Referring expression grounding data
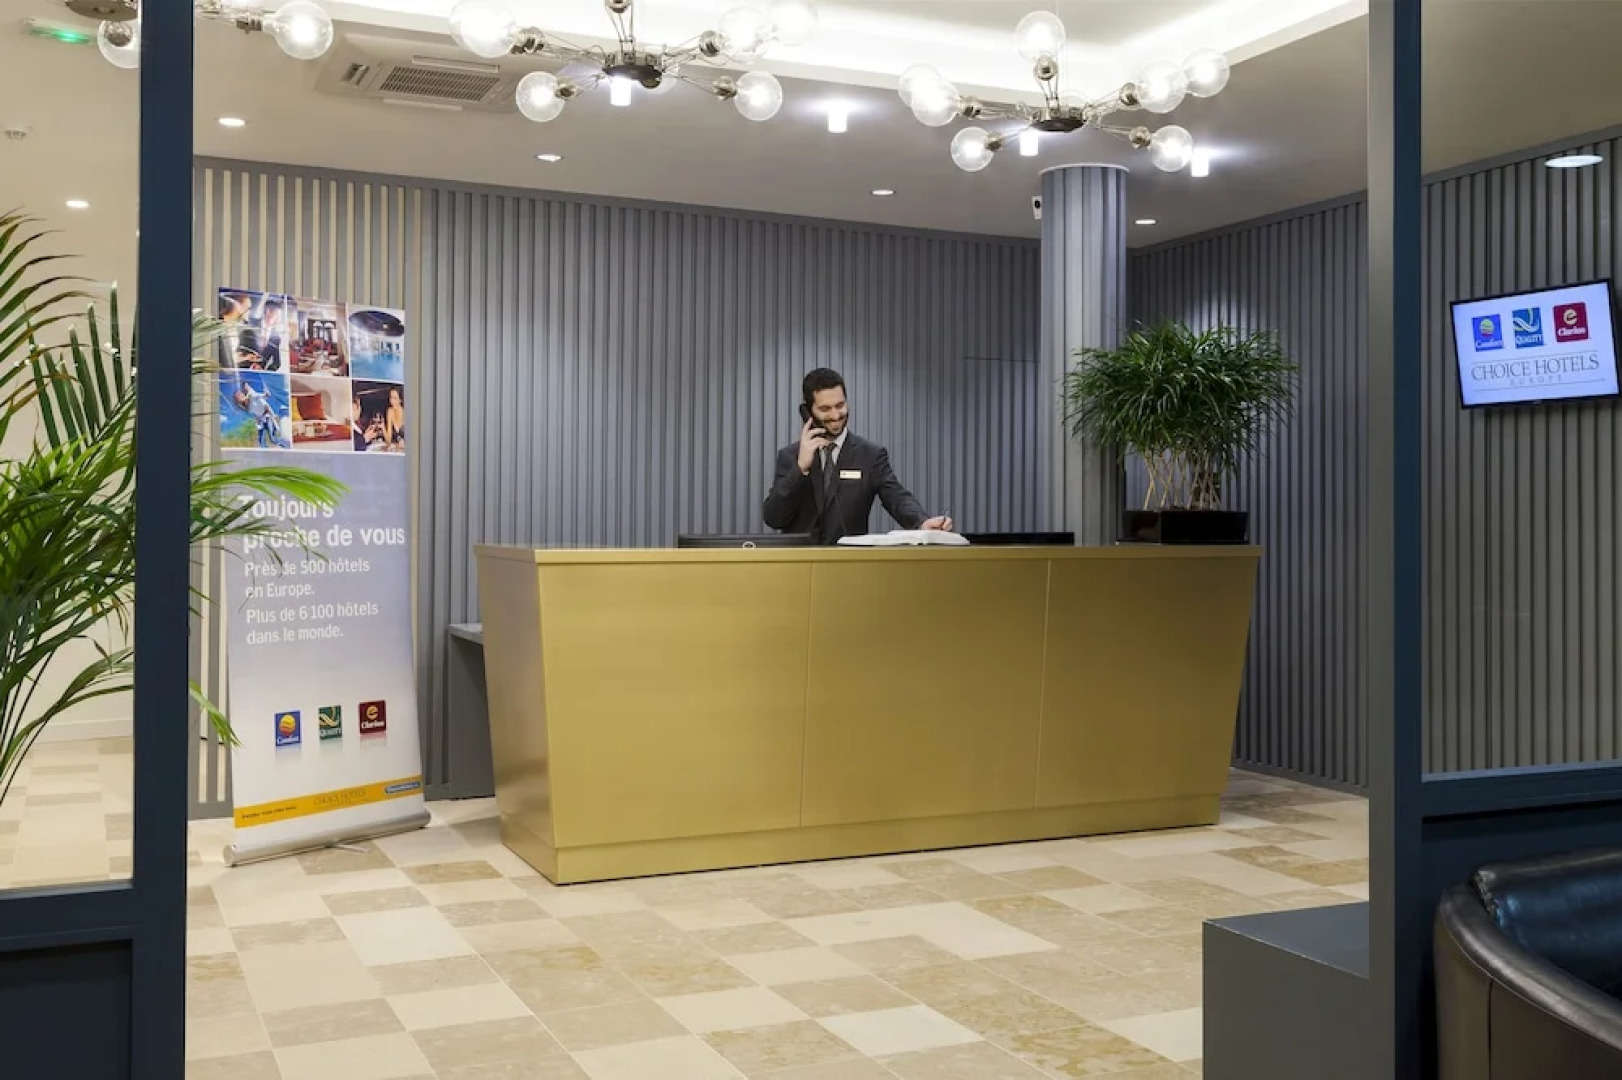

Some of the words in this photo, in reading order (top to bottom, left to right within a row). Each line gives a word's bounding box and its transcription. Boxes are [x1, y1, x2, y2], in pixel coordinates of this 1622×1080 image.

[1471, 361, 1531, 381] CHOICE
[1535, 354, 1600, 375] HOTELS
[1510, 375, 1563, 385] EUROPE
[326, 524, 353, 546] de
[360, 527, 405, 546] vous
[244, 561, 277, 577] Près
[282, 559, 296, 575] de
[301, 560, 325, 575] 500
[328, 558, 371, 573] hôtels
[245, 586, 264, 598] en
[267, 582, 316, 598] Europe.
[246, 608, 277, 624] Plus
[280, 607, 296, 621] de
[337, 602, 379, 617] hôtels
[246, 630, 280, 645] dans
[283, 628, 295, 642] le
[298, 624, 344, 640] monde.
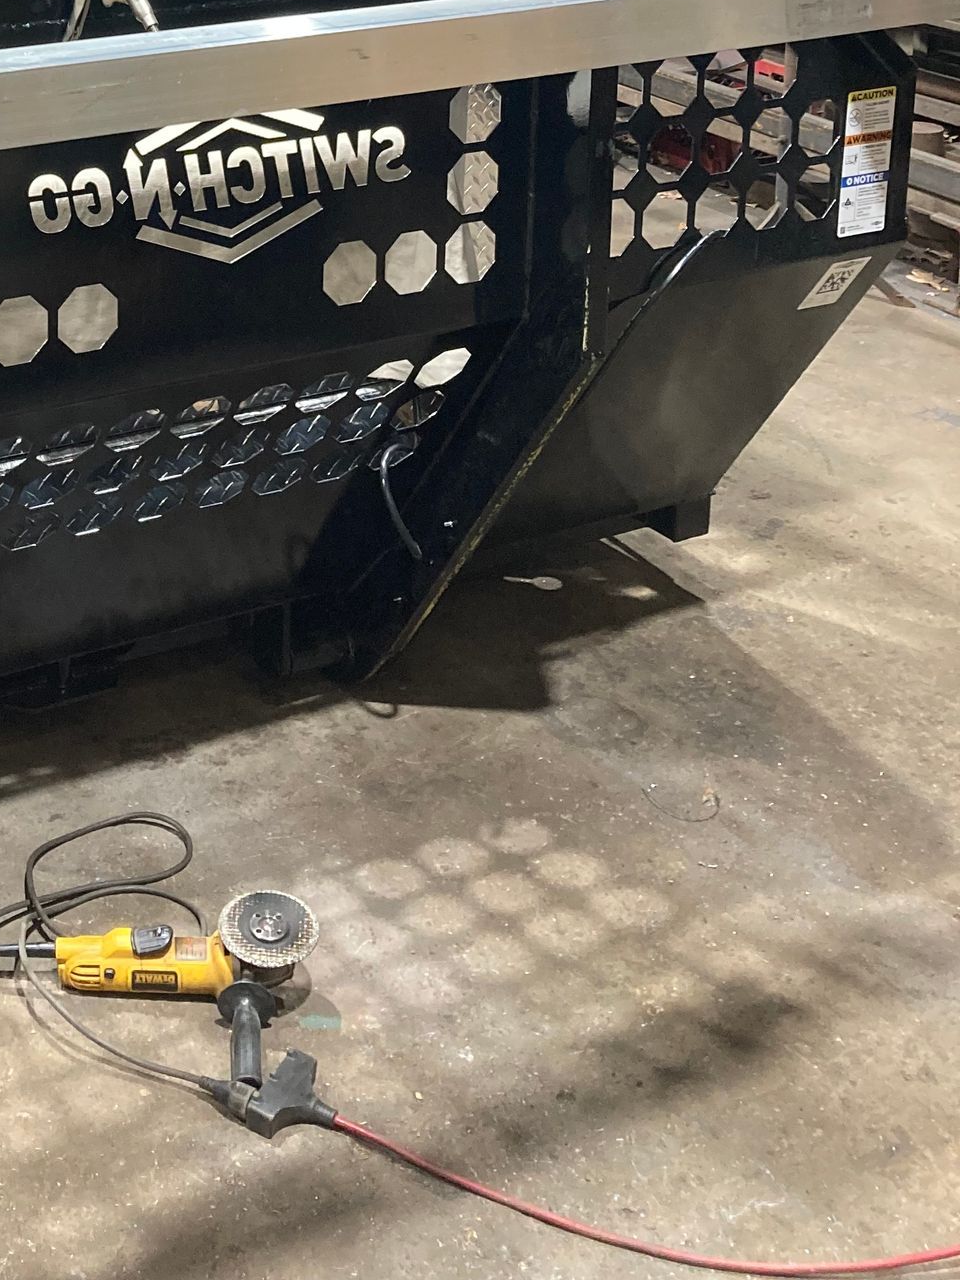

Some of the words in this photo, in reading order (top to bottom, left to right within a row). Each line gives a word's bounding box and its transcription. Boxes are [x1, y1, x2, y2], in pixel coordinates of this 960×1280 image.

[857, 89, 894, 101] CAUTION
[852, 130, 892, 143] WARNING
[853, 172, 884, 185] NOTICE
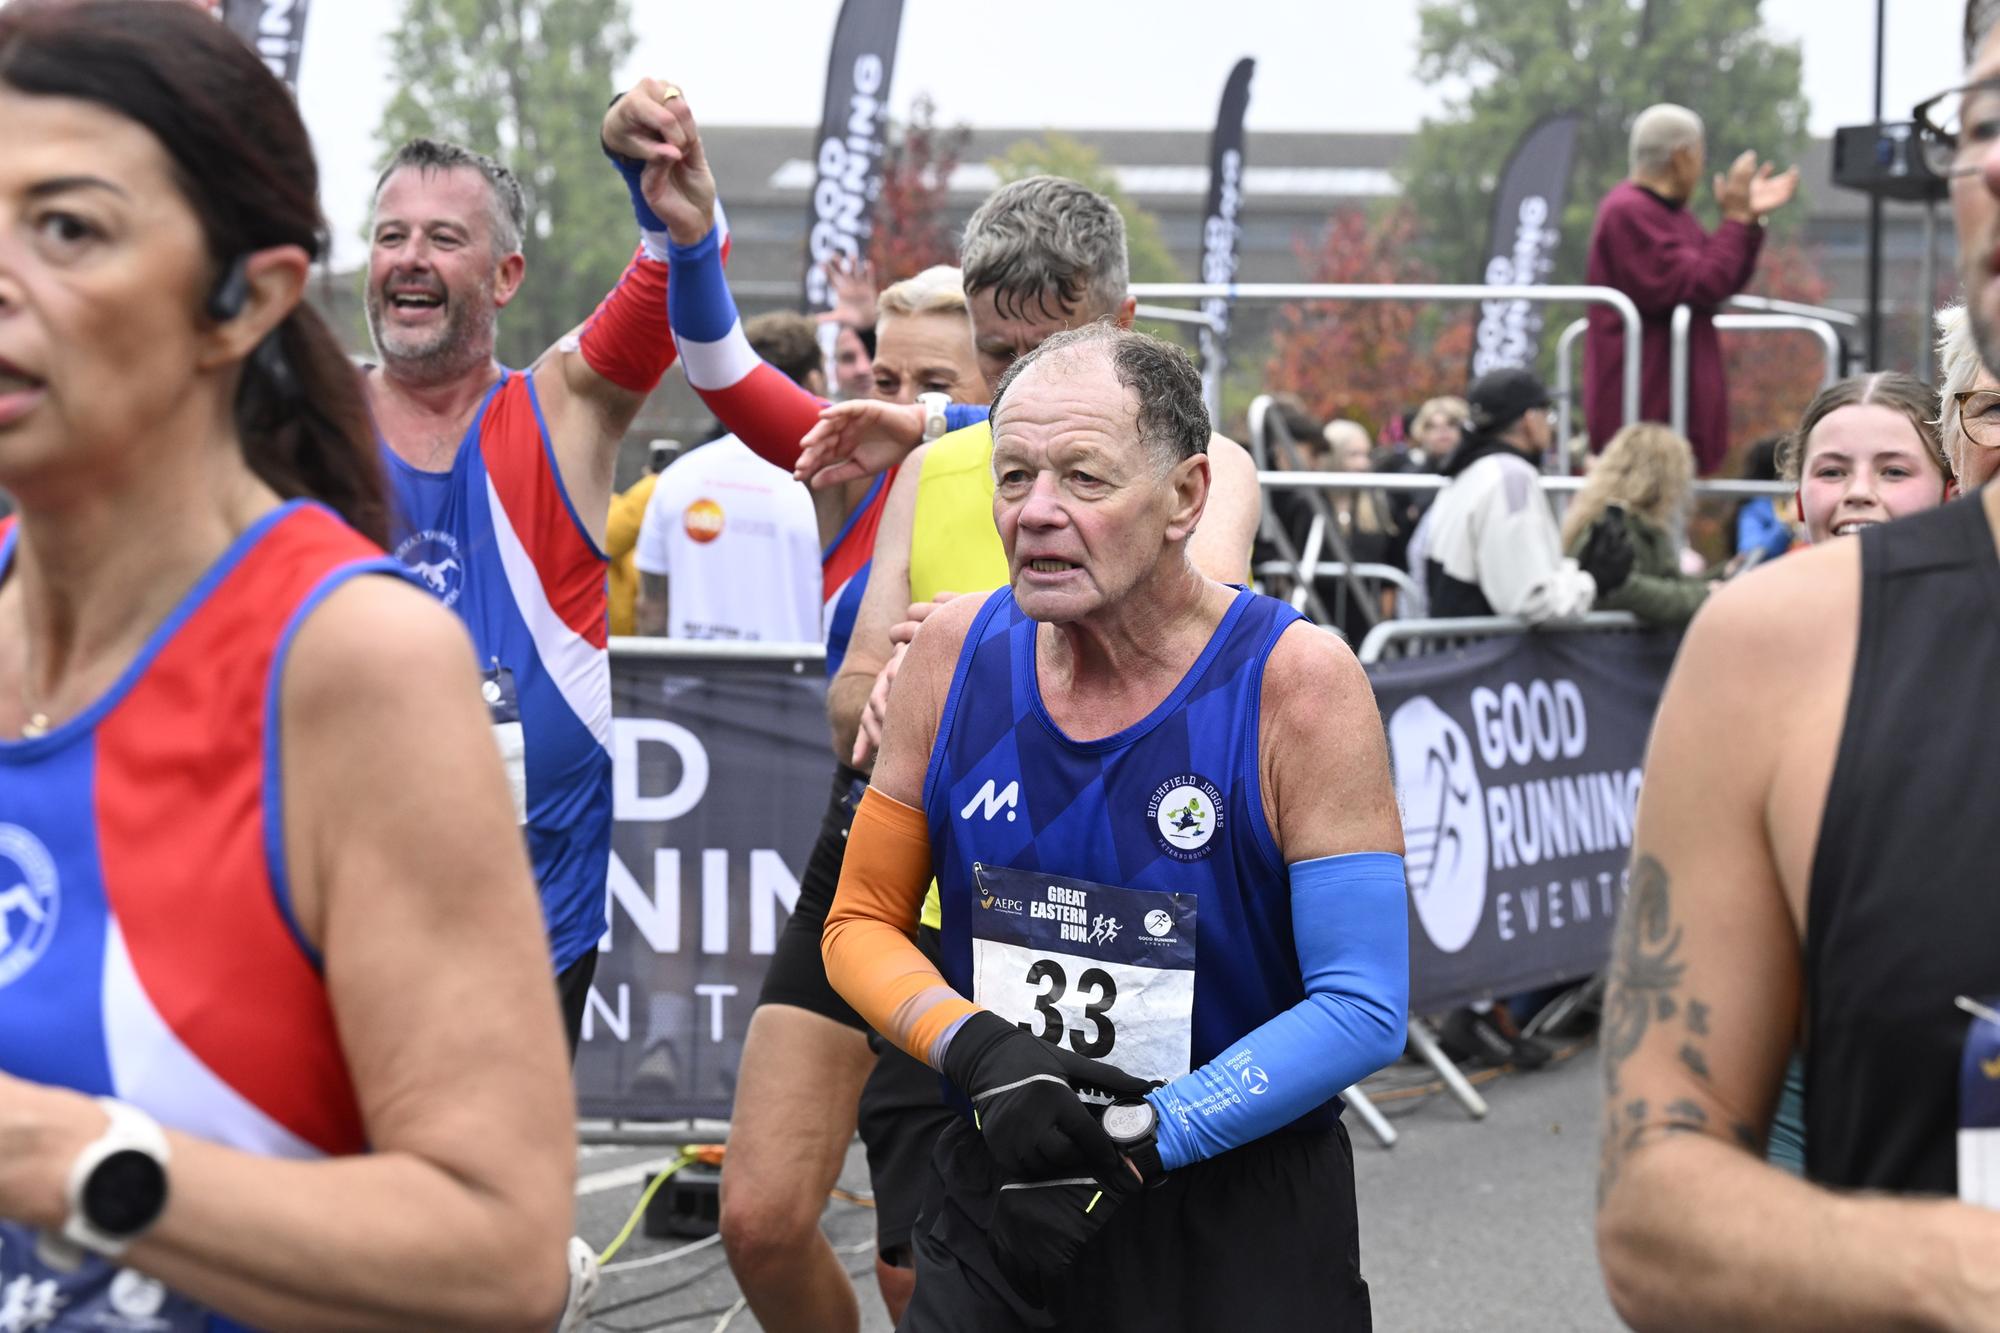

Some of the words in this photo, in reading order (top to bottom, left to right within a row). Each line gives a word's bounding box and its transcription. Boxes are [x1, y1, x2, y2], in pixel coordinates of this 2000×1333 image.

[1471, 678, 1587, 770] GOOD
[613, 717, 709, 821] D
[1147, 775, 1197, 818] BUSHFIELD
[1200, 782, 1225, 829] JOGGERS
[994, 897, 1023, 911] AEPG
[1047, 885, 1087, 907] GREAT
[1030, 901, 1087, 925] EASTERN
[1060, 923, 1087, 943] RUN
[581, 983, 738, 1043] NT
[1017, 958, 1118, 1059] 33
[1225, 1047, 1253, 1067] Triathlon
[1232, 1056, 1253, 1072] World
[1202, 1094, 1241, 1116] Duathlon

- EXERCISE
Please write out every entry exactly, but skip the pictures.

- OUTPUT BELOW
Some of the words in this photo, in reading order (top to bottom, left to right within a row). Each line gives a word's bounding box and its transcription. Boxes are [x1, y1, x2, y2], in pixel coordinates of this 1622×1080 image.

[1471, 361, 1531, 381] CHOICE
[1535, 354, 1600, 375] HOTELS
[1510, 375, 1563, 385] EUROPE
[326, 524, 353, 546] de
[360, 527, 405, 546] vous
[244, 561, 277, 577] Près
[282, 559, 296, 575] de
[301, 560, 325, 575] 500
[328, 558, 371, 573] hôtels
[245, 586, 264, 598] en
[267, 582, 316, 598] Europe.
[246, 608, 277, 624] Plus
[280, 607, 296, 621] de
[337, 602, 379, 617] hôtels
[246, 630, 280, 645] dans
[283, 628, 295, 642] le
[298, 624, 344, 640] monde.

Some of the words in this photo, in reading order (top to bottom, left to right within a row). Each line gives a word's bounding box and its transcription. Boxes are [x1, y1, x2, y2], in pixel coordinates of this 960×1280 image.

[857, 89, 894, 101] CAUTION
[852, 130, 892, 143] WARNING
[853, 172, 884, 185] NOTICE

Some of the words in this photo, in reading order (top to bottom, left to right within a row). Each line gives a word's bounding box and its transcription. Boxes are [x1, y1, x2, y2], in pixel coordinates of this 2000×1333 image.

[1471, 678, 1587, 770] GOOD
[613, 717, 709, 821] D
[1147, 775, 1197, 818] BUSHFIELD
[1200, 782, 1225, 829] JOGGERS
[994, 897, 1023, 911] AEPG
[1047, 885, 1087, 907] GREAT
[1030, 901, 1087, 925] EASTERN
[1060, 923, 1087, 943] RUN
[581, 983, 738, 1043] NT
[1017, 958, 1118, 1059] 33
[1225, 1047, 1253, 1067] Triathlon
[1232, 1056, 1253, 1072] World
[1202, 1094, 1241, 1116] Duathlon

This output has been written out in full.